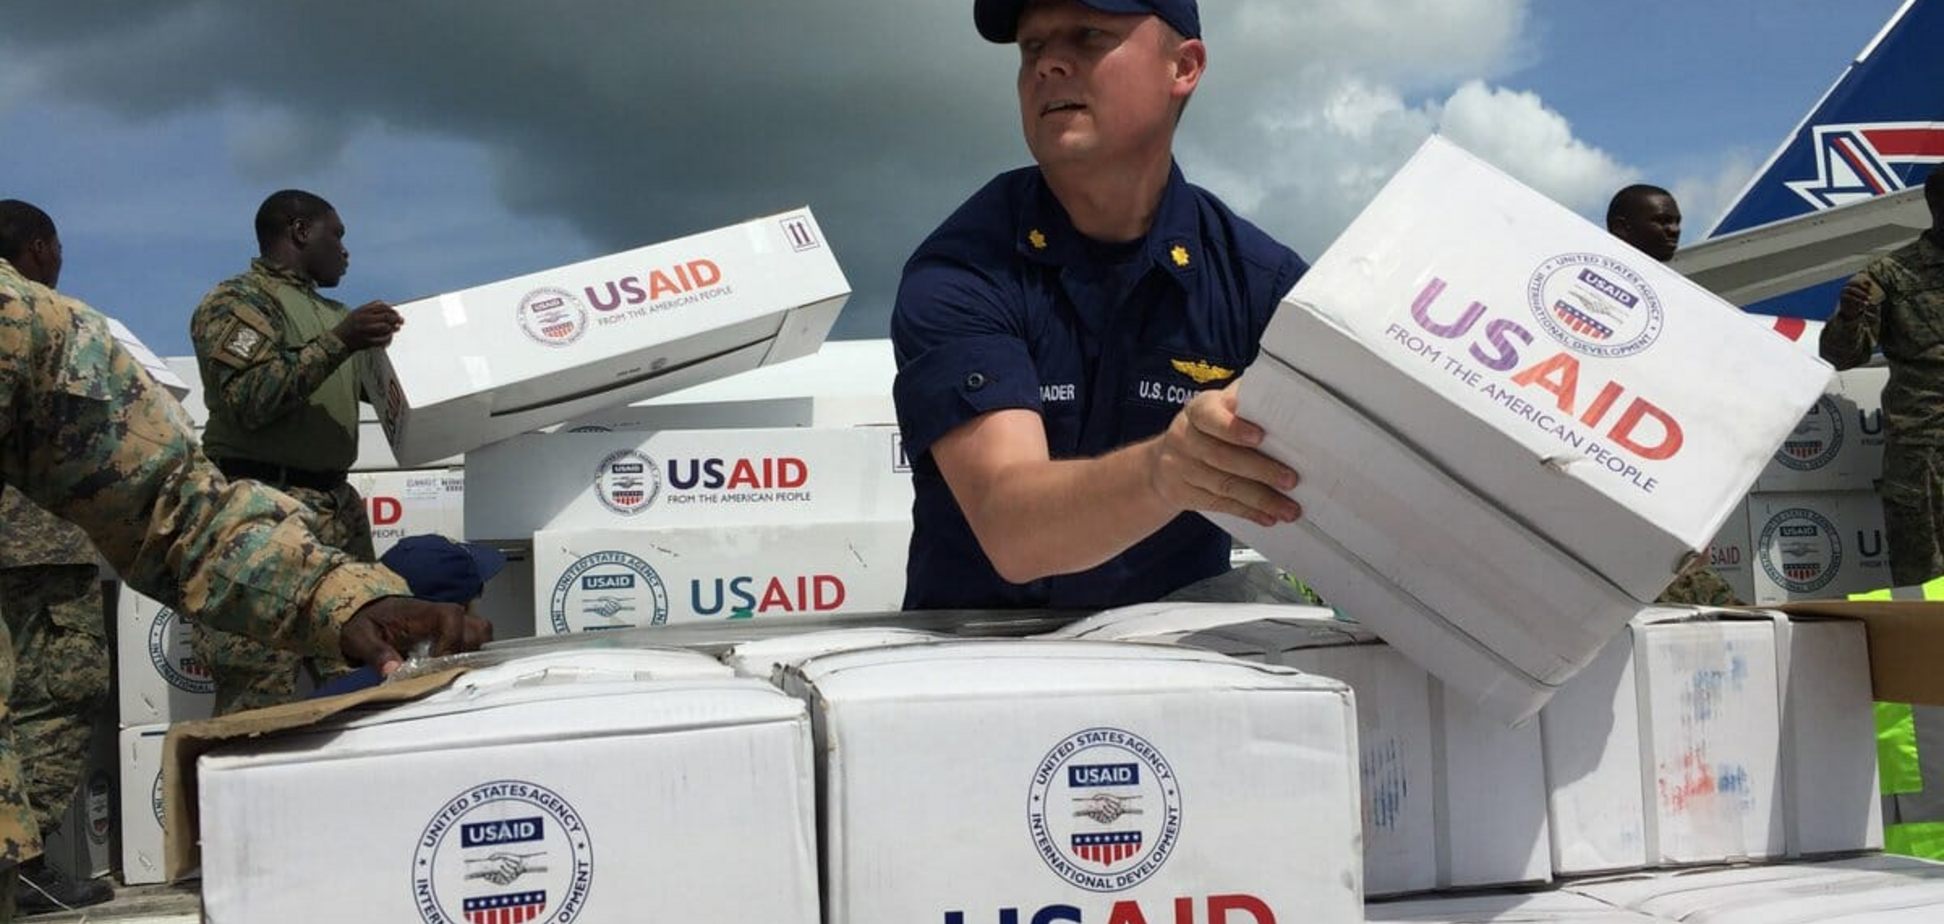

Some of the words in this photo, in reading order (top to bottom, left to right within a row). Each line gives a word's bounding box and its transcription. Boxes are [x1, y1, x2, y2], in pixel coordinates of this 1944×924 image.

[584, 258, 721, 312] USAID
[1585, 272, 1631, 303] USAID
[1602, 260, 1639, 283] STATES
[597, 313, 625, 327] FROM
[629, 307, 647, 320] THE
[650, 294, 699, 315] AMERICAN
[700, 285, 734, 301] PEOPLE
[1572, 333, 1652, 356] DEVELOPMENT
[1410, 276, 1684, 461] USAID
[1139, 381, 1164, 401] U.S.
[1167, 386, 1201, 404] COA
[1385, 322, 1442, 364] FROM
[1444, 355, 1482, 389] THE
[1481, 381, 1585, 448] AMERICAN
[1584, 440, 1659, 494] PEOPLE
[668, 458, 808, 490] USAID
[667, 495, 696, 504] FROM
[699, 494, 718, 503] THE
[720, 493, 774, 503] AMERICAN
[776, 492, 811, 501] PEOPLE
[558, 560, 589, 592] UNITED
[589, 553, 625, 564] STATES
[626, 559, 660, 588] AGENCY
[1710, 545, 1741, 565] SAID
[587, 576, 630, 588] USAID
[691, 574, 845, 616] USAID
[1036, 741, 1075, 785] UNITED
[1076, 731, 1125, 746] STATES
[1125, 737, 1171, 781] AGENCY
[1075, 767, 1131, 784] USAID
[423, 798, 469, 848] UNITED
[471, 784, 528, 800] STATES
[528, 788, 582, 833] AGENCY
[469, 822, 536, 843] USAID
[1031, 813, 1113, 889] INTERNATIONAL
[1116, 806, 1179, 887] DEVELOPMENT
[552, 859, 589, 924] OPMENT
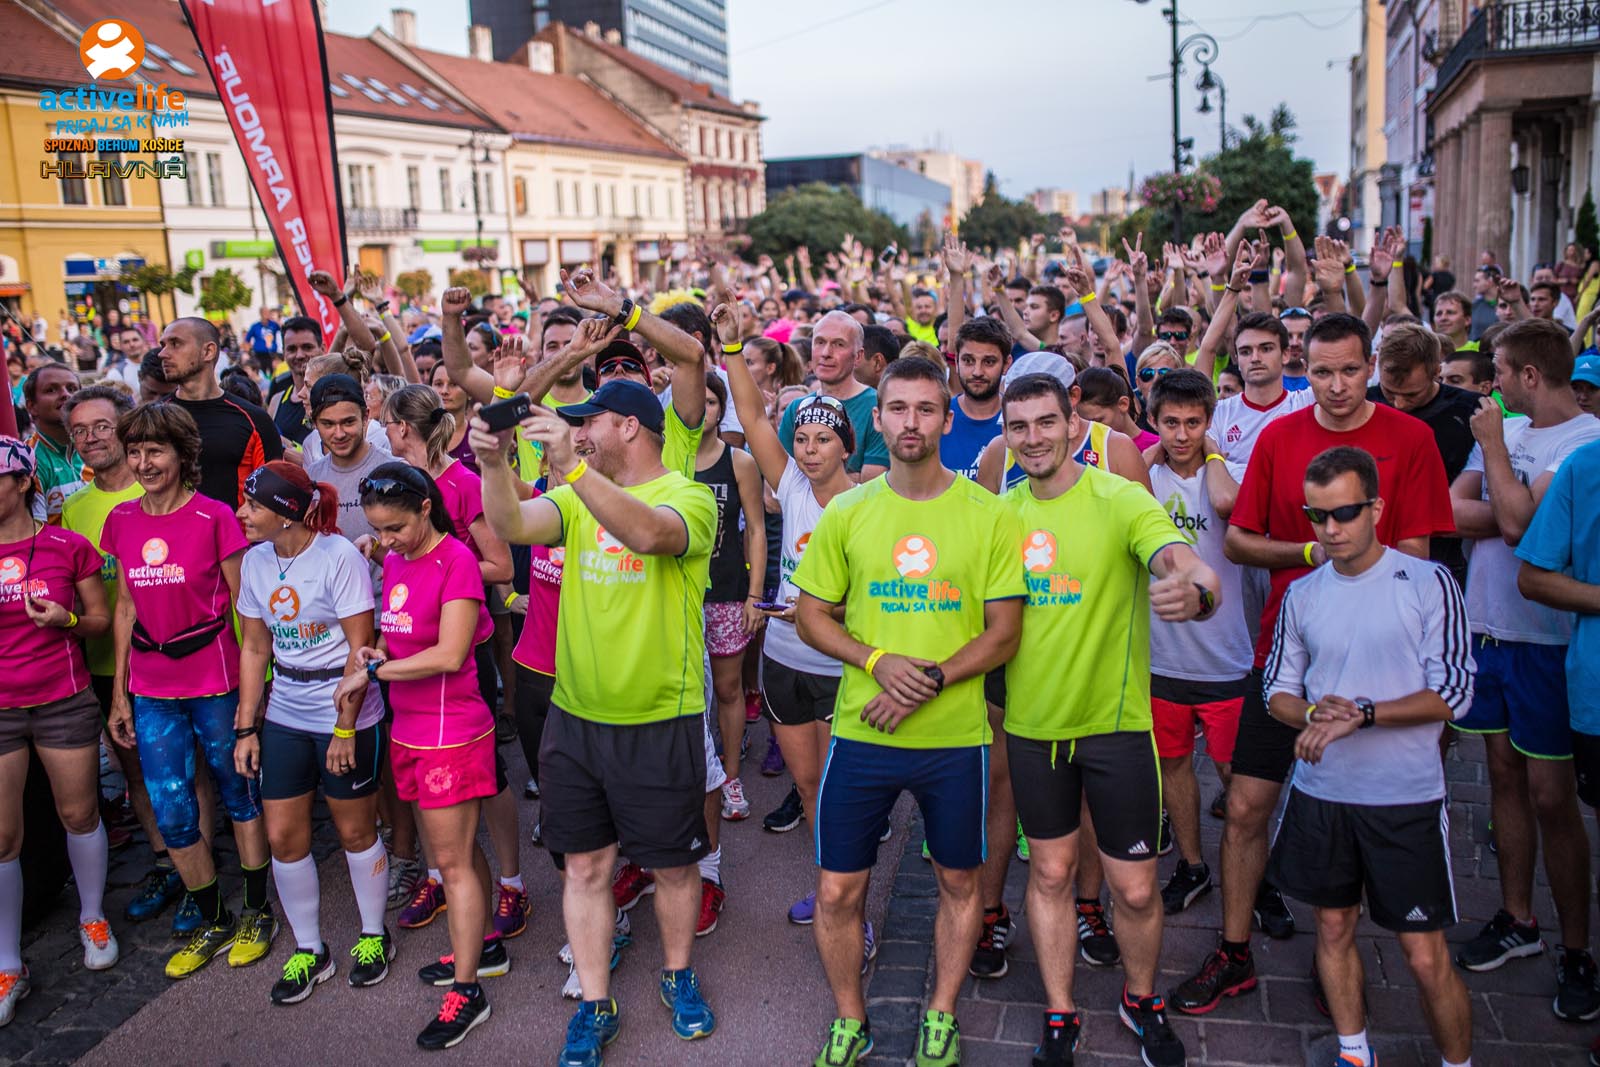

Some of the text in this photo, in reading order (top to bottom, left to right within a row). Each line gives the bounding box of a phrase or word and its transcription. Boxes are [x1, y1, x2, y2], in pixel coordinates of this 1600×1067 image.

[1169, 512, 1208, 531] bok
[128, 563, 185, 579] activelife
[868, 578, 962, 601] activelife
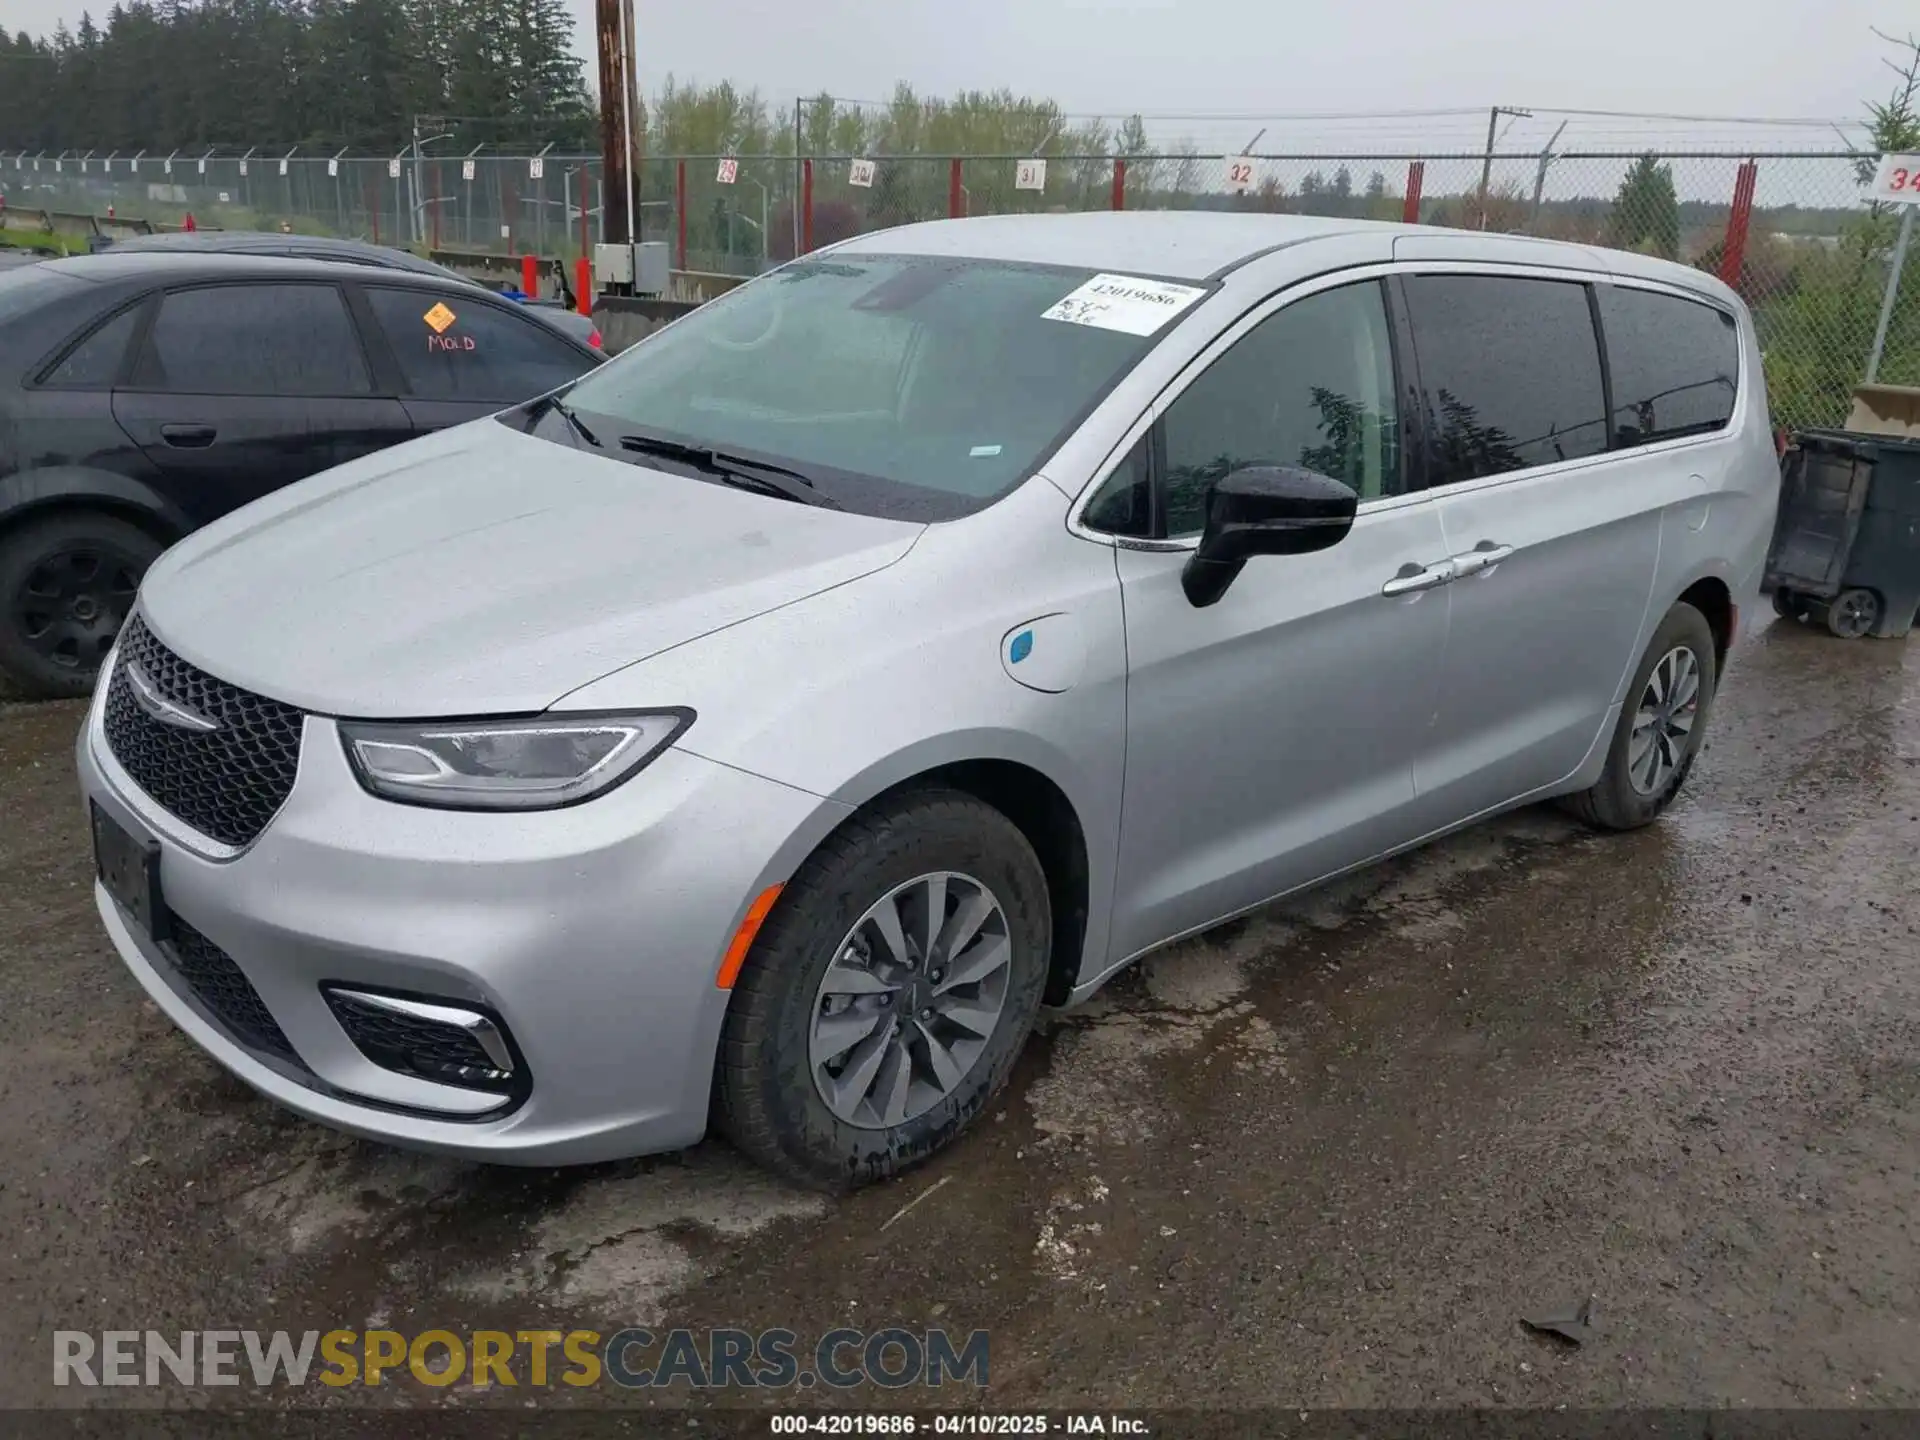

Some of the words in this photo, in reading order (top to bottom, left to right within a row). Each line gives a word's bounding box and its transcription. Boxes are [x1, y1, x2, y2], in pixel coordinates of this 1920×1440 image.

What needs to be done => Output all the records above again exactly, with the pictures dropped.

Finished task =>
Some of the words in this photo, in reading order (top to bottom, left to right within a row). Each line gives a word's bounding box and its transcription. Boxes are [x1, y1, x2, y2], in pixel coordinates of this 1944×924 image.

[584, 258, 721, 312] USAID
[1585, 272, 1631, 303] USAID
[1602, 260, 1639, 283] STATES
[597, 313, 625, 327] FROM
[629, 307, 647, 320] THE
[650, 294, 699, 315] AMERICAN
[700, 285, 734, 301] PEOPLE
[1572, 333, 1652, 356] DEVELOPMENT
[1410, 276, 1684, 461] USAID
[1139, 381, 1164, 401] U.S.
[1167, 386, 1201, 404] COA
[1385, 322, 1442, 364] FROM
[1444, 355, 1482, 389] THE
[1481, 381, 1585, 448] AMERICAN
[1584, 440, 1659, 494] PEOPLE
[668, 458, 808, 490] USAID
[667, 495, 696, 504] FROM
[699, 494, 718, 503] THE
[720, 493, 774, 503] AMERICAN
[776, 492, 811, 501] PEOPLE
[558, 560, 589, 592] UNITED
[589, 553, 625, 564] STATES
[626, 559, 660, 588] AGENCY
[1710, 545, 1741, 565] SAID
[587, 576, 630, 588] USAID
[691, 574, 845, 616] USAID
[1036, 741, 1075, 785] UNITED
[1076, 731, 1125, 746] STATES
[1125, 737, 1171, 781] AGENCY
[1075, 767, 1131, 784] USAID
[423, 798, 469, 848] UNITED
[471, 784, 528, 800] STATES
[528, 788, 582, 833] AGENCY
[469, 822, 536, 843] USAID
[1031, 813, 1113, 889] INTERNATIONAL
[1116, 806, 1179, 887] DEVELOPMENT
[552, 859, 589, 924] OPMENT

Some of the text in this photo, in reading order (top to bottom, left to right within a row). Each line gives the bounding box of a phrase or word and its transcription. Boxes are [x1, y1, x2, y2], in pixel coordinates of this 1600×1067 image.

[1169, 512, 1208, 531] bok
[128, 563, 185, 579] activelife
[868, 578, 962, 601] activelife

Some of the words in this photo, in reading order (top to bottom, left to right within a row). Each line gives a word's bounding box and its transcription. Boxes are [x1, y1, x2, y2], in pixel coordinates of this 1920×1440 image.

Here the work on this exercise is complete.